Getting a refund from Google Ads for invalid traffic is generally considered difficult, as Google tends to be cautious in admitting to issues with invalid clicks. The success of such claims is not guaranteed and often requires substantial evidence to prove the traffic was indeed invalid. Google's stance is likely influenced by the complexity of accurately identifying fraudulent clicks and the potential financial implications of issuing widespread refunds. As a result, many advertisers find it challenging to receive refunds for invalid traffic, leading to a common perception that Google is reluctant to acknowledge and address the issue comprehensively. Contact us to get help in submitting your claim.

What are Google Ads campaigns and how do they relate to click fraud?

Google Ads campaigns are a popular tool for digital marketing, allowing businesses to display their own ads on the Google search engine and its affiliated ad networks. Click fraud occurs in Google Ads campaigns when someone artificially inflates the number of clicks on an ad, leading to increased advertising costs without real user behavior benefitting the advertiser.

How can Microsoft Ads and other ad networks help in preventing click fraud?

Like Google Ads campaigns, Microsoft Ads and other advertising networks have mechanisms to detect and prevent click fraud. Microsoft Ads and similar platforms continually update their algorithms to observe visitor behavior, thereby preventing fraud and ensuring advertisers' spending targets genuine interest.

What role does user behavior play in detecting click fraud in PPC campaigns?

In PPC campaigns, monitoring user behavior can be crucial in detecting click fraud. Unusual patterns, such as an abnormally high click rate without corresponding engagement or conversions, can indicate fraudulent activities. By understanding typical user behavior in PPC campaigns, businesses can better identify anomalies and safeguard their marketing campaigns.

Can manual analysis complement fully automated systems in ad networks to prevent fraud?

While fully automated systems in ad networks are essential for scaling and efficiency, they can sometimes miss nuanced fraud types. Incorporating manual analysis into your strategy helps in further scrutinizing suspicious data points and block bots or other fraud sources that might slip past automated filters.
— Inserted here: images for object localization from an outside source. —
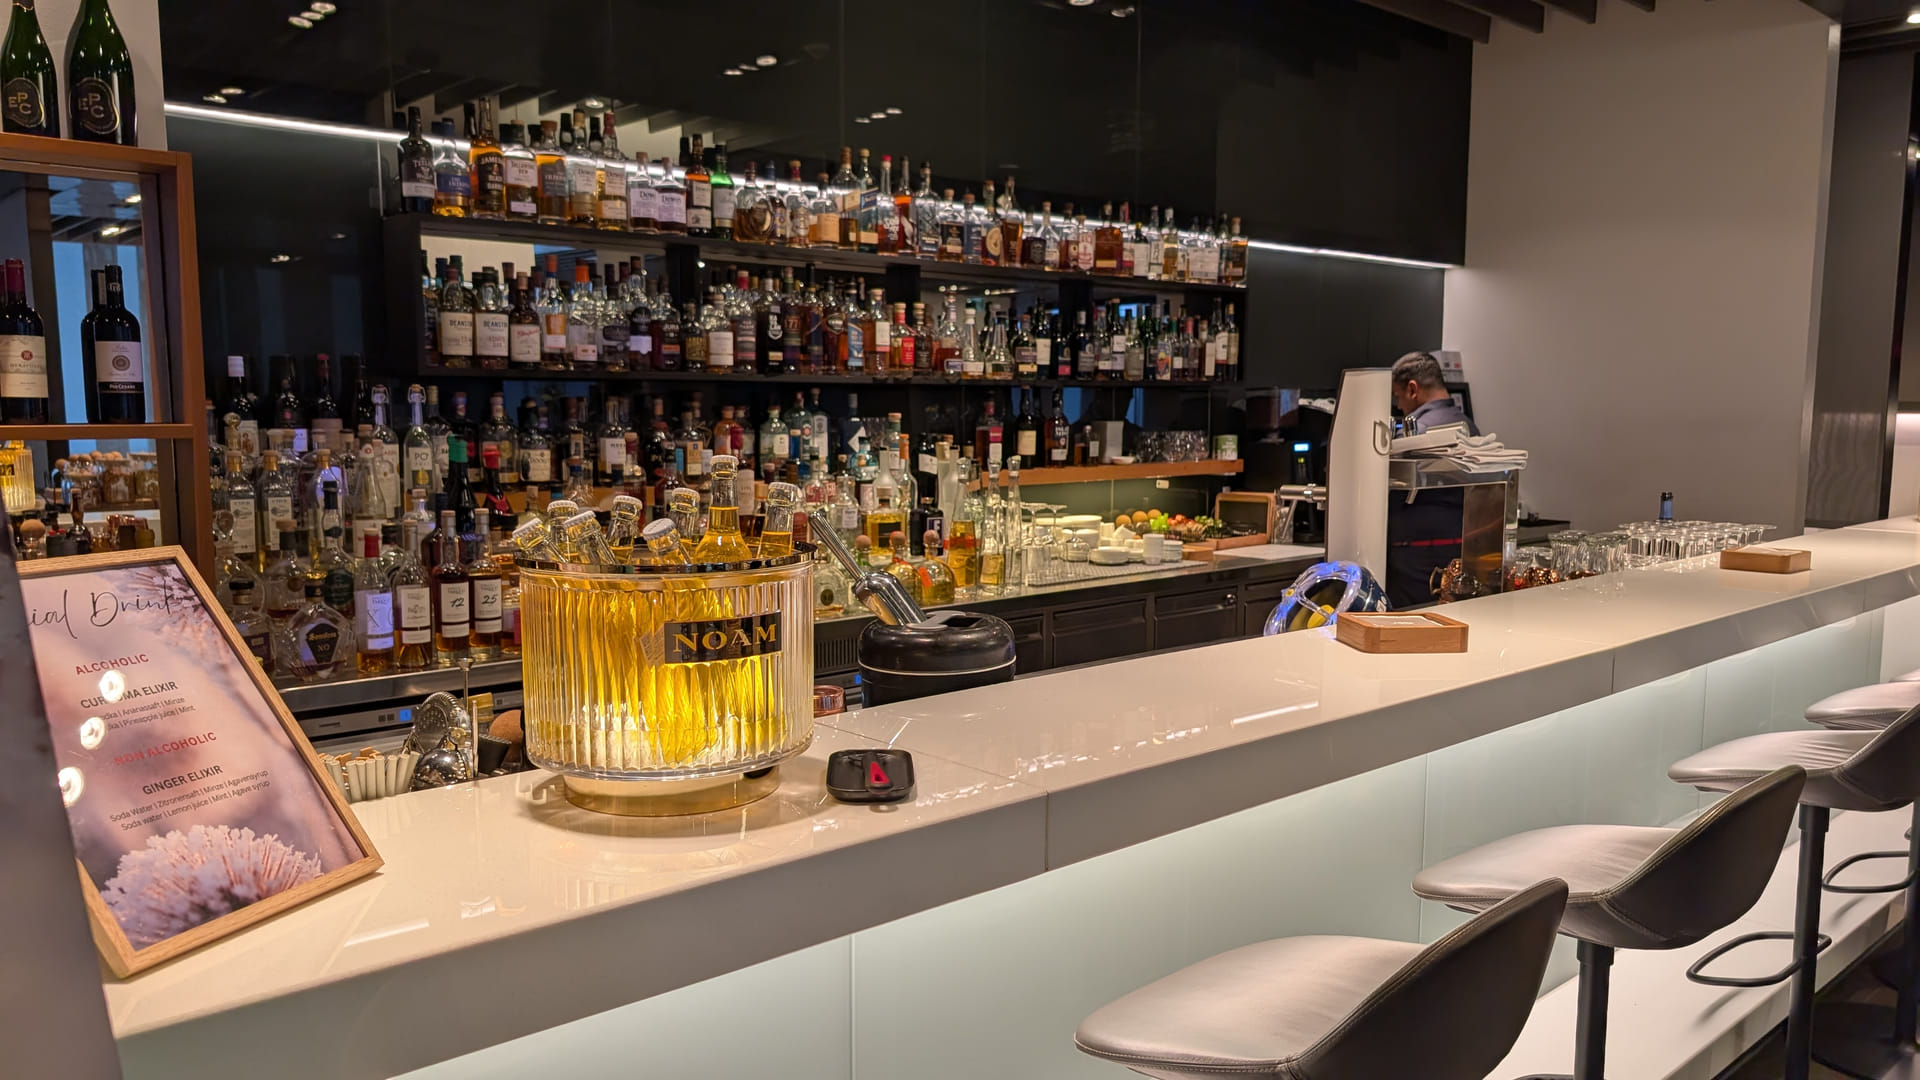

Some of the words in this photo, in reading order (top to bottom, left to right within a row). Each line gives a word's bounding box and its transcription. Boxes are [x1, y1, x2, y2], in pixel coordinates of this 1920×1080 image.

[28, 589, 77, 639] ial
[481, 594, 498, 605] 25
[672, 623, 777, 653] NOAM
[76, 653, 150, 676] ALCOHOLIC
[80, 689, 142, 709] CURMA
[142, 681, 179, 697] ELIXIR
[122, 702, 162, 716] Ananassaft
[163, 697, 186, 707] Minze
[123, 714, 159, 727] Pineapple
[114, 750, 146, 766] NON
[147, 732, 217, 762] ALCOHOLIC
[142, 774, 188, 796] GINGER
[187, 765, 224, 782] ELIXIR
[110, 810, 131, 823] Soda
[130, 804, 153, 817] Water
[204, 783, 226, 795] Minze
[121, 820, 142, 831] Soda
[142, 814, 163, 825] water
[167, 805, 193, 818] Lemon
[192, 800, 210, 812] juice
[211, 793, 230, 803] Mint
[232, 786, 255, 799] Agave
[253, 780, 271, 792] syrup
How does click fraud impact advertising costs in marketing campaigns?

Click fraud directly inflates advertising costs in marketing campaigns. When fraudsters generate false clicks, the advertiser pays for these interactions, draining their budget with no real return on investment. Identifying and countering click fraud is vital to control advertising costs and ensure the effectiveness of marketing campaigns.

What data points are essential to monitor in PPC campaigns for fraud prevention?

In PPC campaigns, crucial data points include click-through rates, conversion rates, and user engagement metrics. By monitoring these data points, advertisers can spot inconsistencies that might indicate click fraud. This helps in not only preventing fraud but also optimizing overall campaign performance.

How do affiliate networks and advertising networks differ in addressing click fraud?

Affiliate networks and advertising networks manage click fraud in different ways. Advertising networks like Google Ads or Microsoft Ads use sophisticated algorithms and fully automated systems to detect and prevent click fraud. In contrast, affiliate networks might have more direct relationships with their affiliates, enabling closer scrutiny and potentially different strategies for preventing fraud.

How can single ads in a PPC campaign be protected against various fraud types?

Protecting a single ad in a PPC campaign from various fraud types involves closely monitoring the ad's performance for irregular patterns in click rates and user interactions. Utilizing tools to block bots and setting up alert systems for unusual activity can help in safeguarding each single ad against click fraud.